Important Australian + International Fine Art
26 August 2009

Theo Van Rysselberghe

(1862 - 1926, Belgian)

oil on canvas

65.0 x 48.0 cm

signed lower right with artist's monogram: VR
artist's label attached verso inscribed: Sud St Clair / Nu au panama croisant les jambes

$50,000 - 70,000
Sold for $55,200 (inc. BP) in Auction 10 - 26 August 2009, Melbourne

Gallerie Nicoline Pon, Zurich, 1976
Private collection, Frankfurt
Thence by descent
Private collection, Melbourne

Catalogue text

Theo van Rysselberghe, along with contemporaries Georges Seurat, Camille Pissarro and Paul Signac, was one of the key Neo-Impressionist painters of northern Europe. Also known as Divisionism and Pointillism, Neo-Impressionism was one of the most innovative and startling of the late 19th-century avant-garde styles. Characterised by a refinement of the impulsive and intuitive artistic mannerism of Impressionism, the style was underpinned by a rigorous attention to the scientific principles of colour theory. The Neo-Impressionists 'came to believe that separate touches of interwoven pigment result in a greater vibrancy of color in the observers eye than is achieved by the conventional mixing of pigments on the palette. Known as melange optique, this meticulous paint application would, they felt, realize a pulsating shimmer of light on canvas.'1

Introduced to Seurat when only 24, van Rysselberghe was responsible for the'importation' of the style to his native Belgium. Already a prominent figure there, he had co-founded the radical artistic circle Les XX in 1883 which had brought him into contact with James Ensor, Henri de Toulouse-Lautrec and Auguste Rodin. Of the group, it was most certainly James Abbott McNeill Whistler, who exhibited with Les XX in 1884 whose influence as a portrait painter can be most observed. It is the fusion of Neo-Impressionism with portraiture that was to establish van Rysselberghe as a remarkable artist, producing such masterpieces as Octave Maus 1885 (Musee d'Art Moderne Brussels).

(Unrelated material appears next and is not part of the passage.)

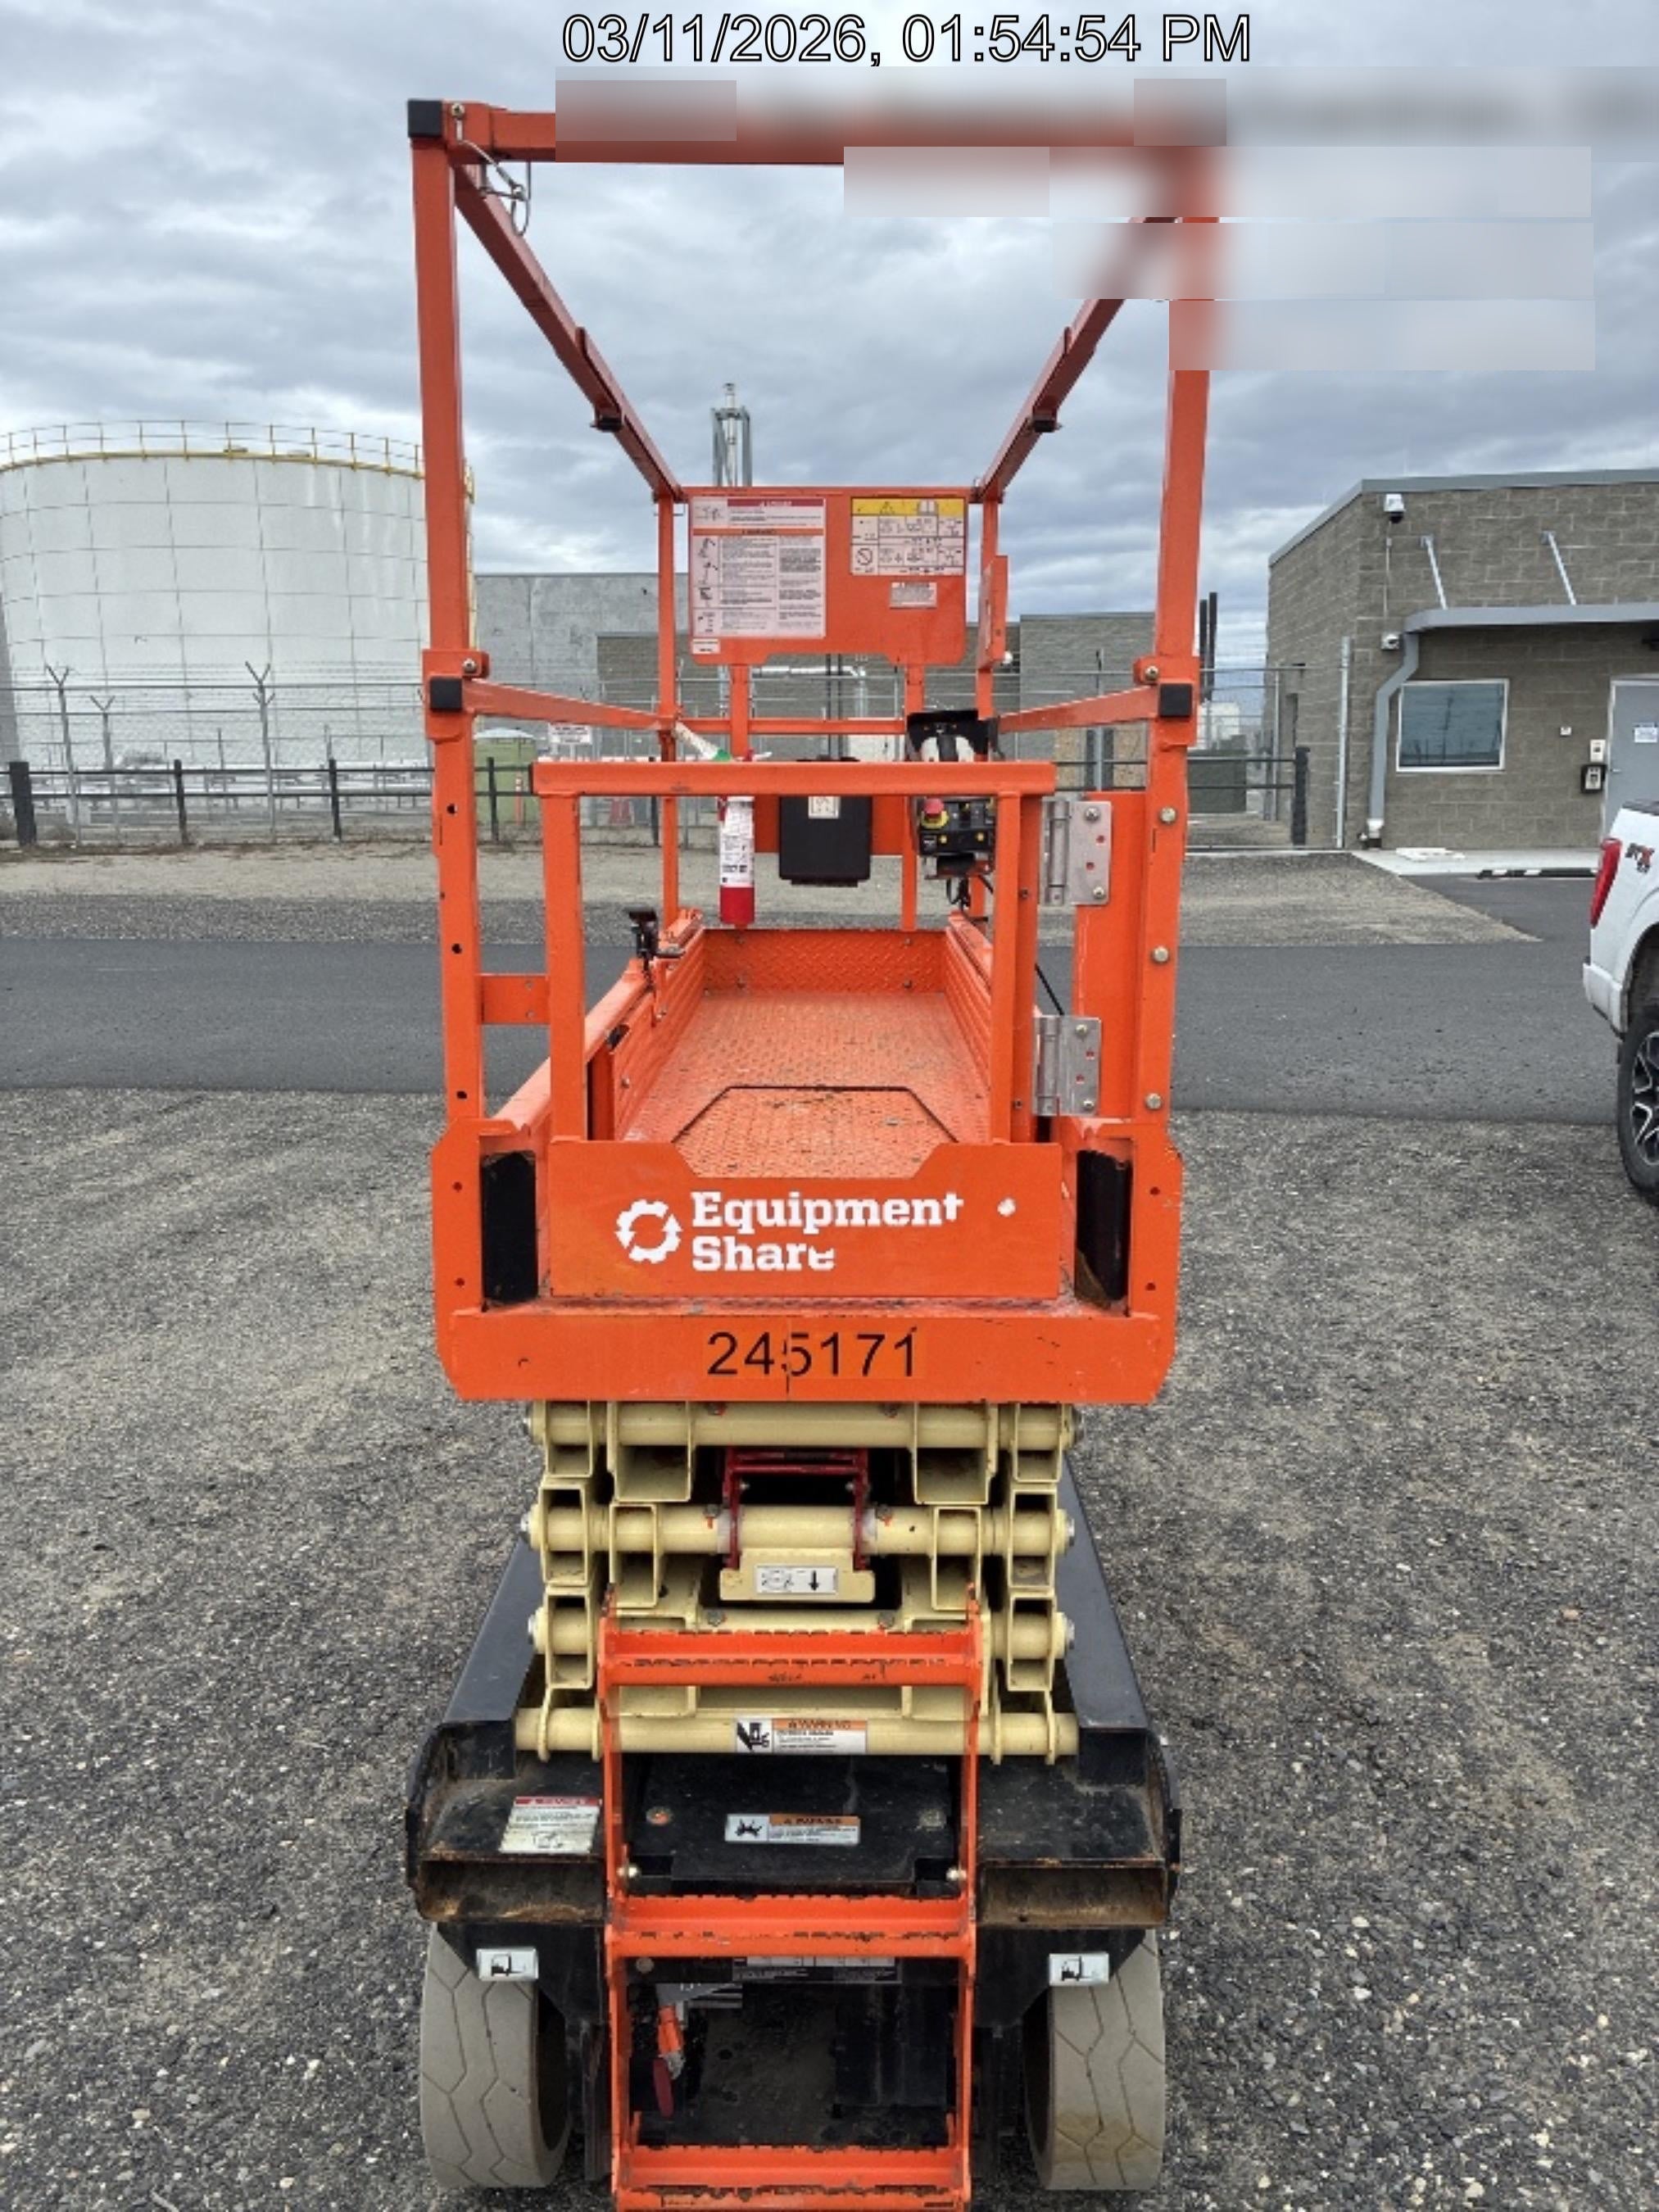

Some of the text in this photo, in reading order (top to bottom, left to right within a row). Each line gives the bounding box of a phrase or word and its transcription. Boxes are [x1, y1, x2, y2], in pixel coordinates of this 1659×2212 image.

[692, 1190, 964, 1235] Equipment
[692, 1237, 835, 1272] Share
[707, 1331, 918, 1377] 245171
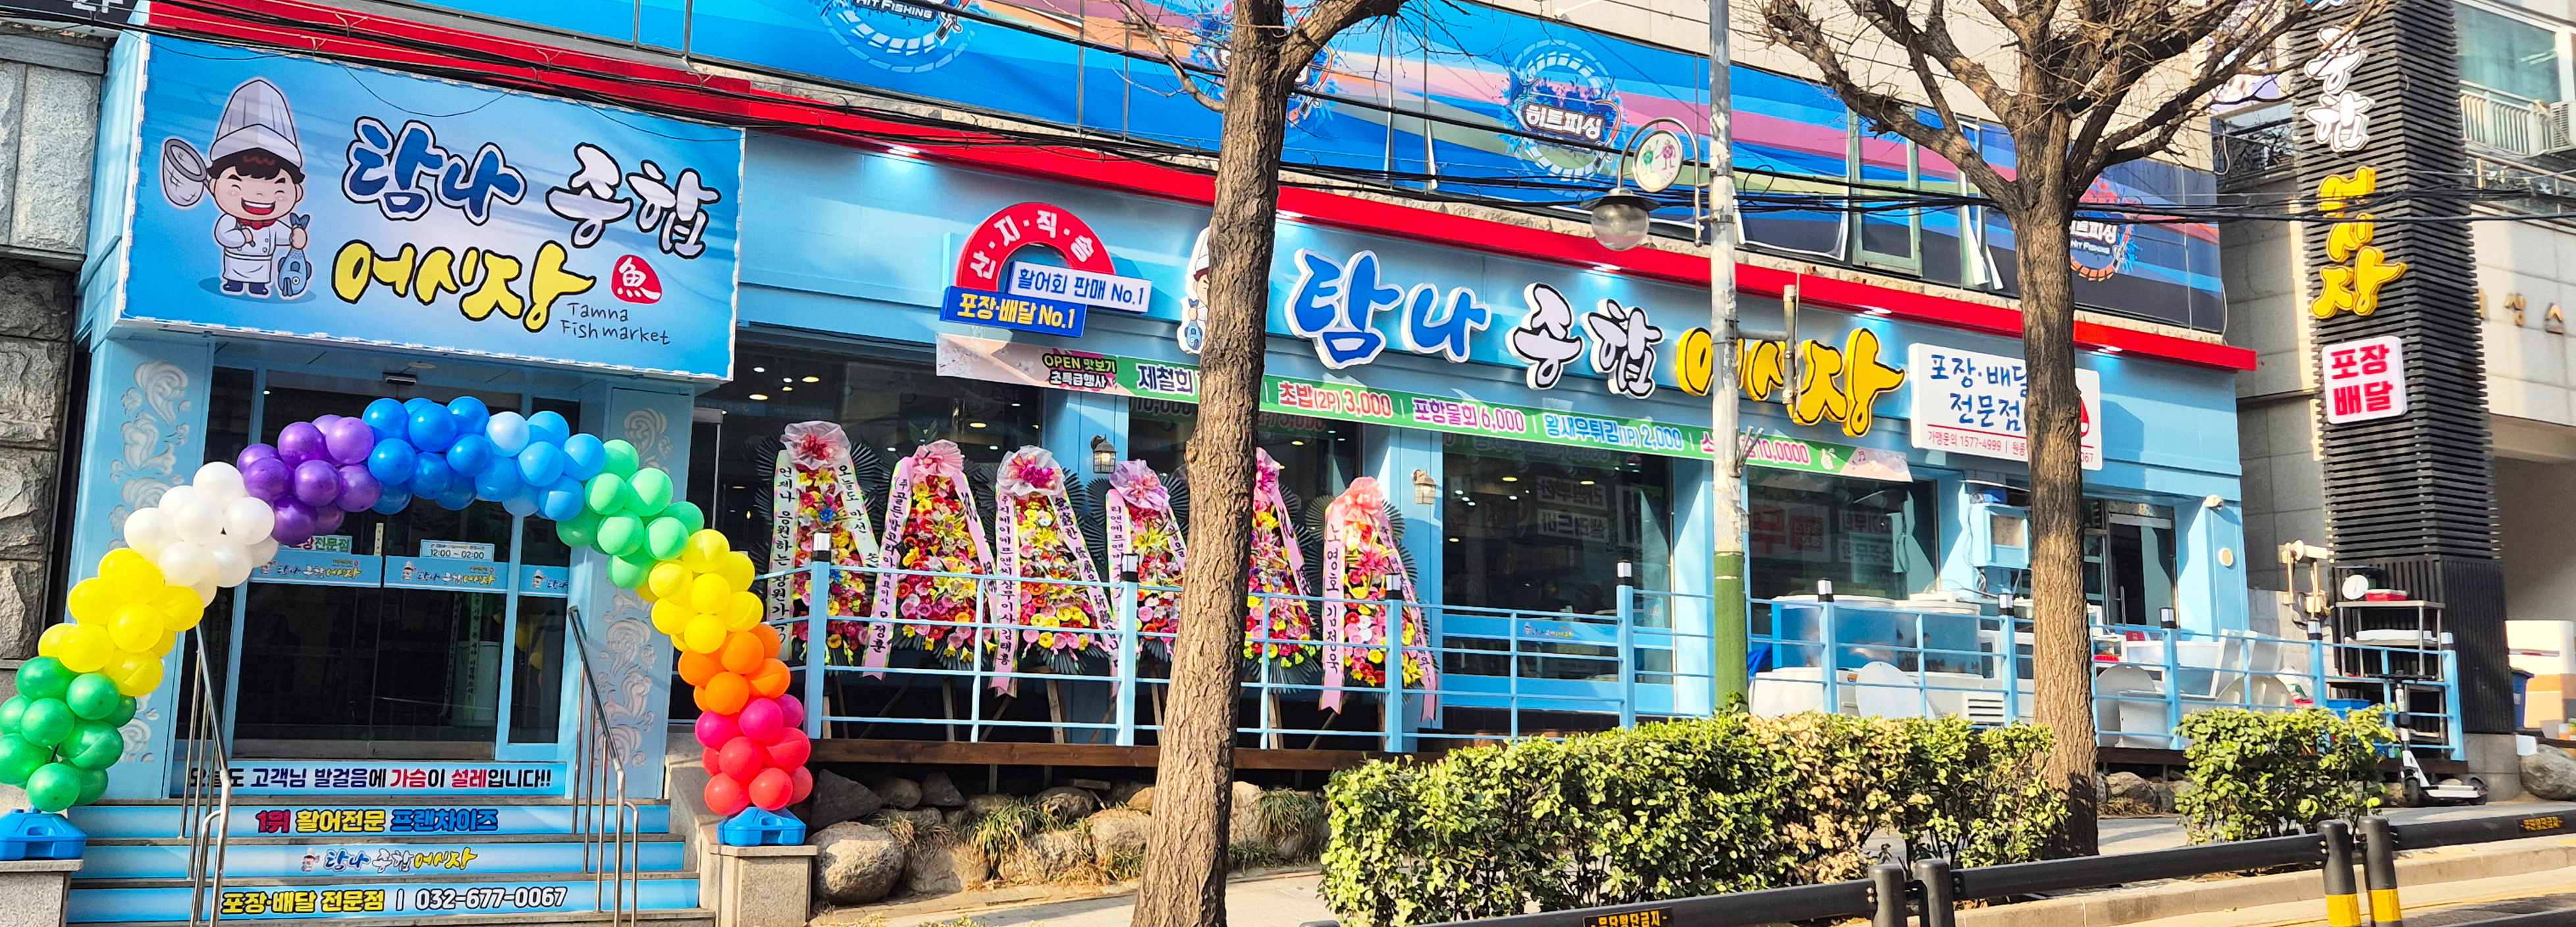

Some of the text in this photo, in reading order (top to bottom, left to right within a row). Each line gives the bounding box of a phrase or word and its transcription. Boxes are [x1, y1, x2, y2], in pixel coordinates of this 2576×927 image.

With his early attraction to the exotic, van Rysselberghe travelled extensively throughout his life. He spent considerable time in Morocco and Spain, resulting in an obsession with light which is captured in his Arabian Phantasia 1884 (Musee d'Art Moderne Brussels). With a theme introduced by Eugene Delacroix, the painting is bathed in the harsh light of the hot Moroccan sun and was recently exhibited as part of the 2006 Retrospective exhibition, Theo van Rysselberghe at the Palais des Beaux Art in Brussels and the Gemeentemuseum in The Hague, The Netherlands.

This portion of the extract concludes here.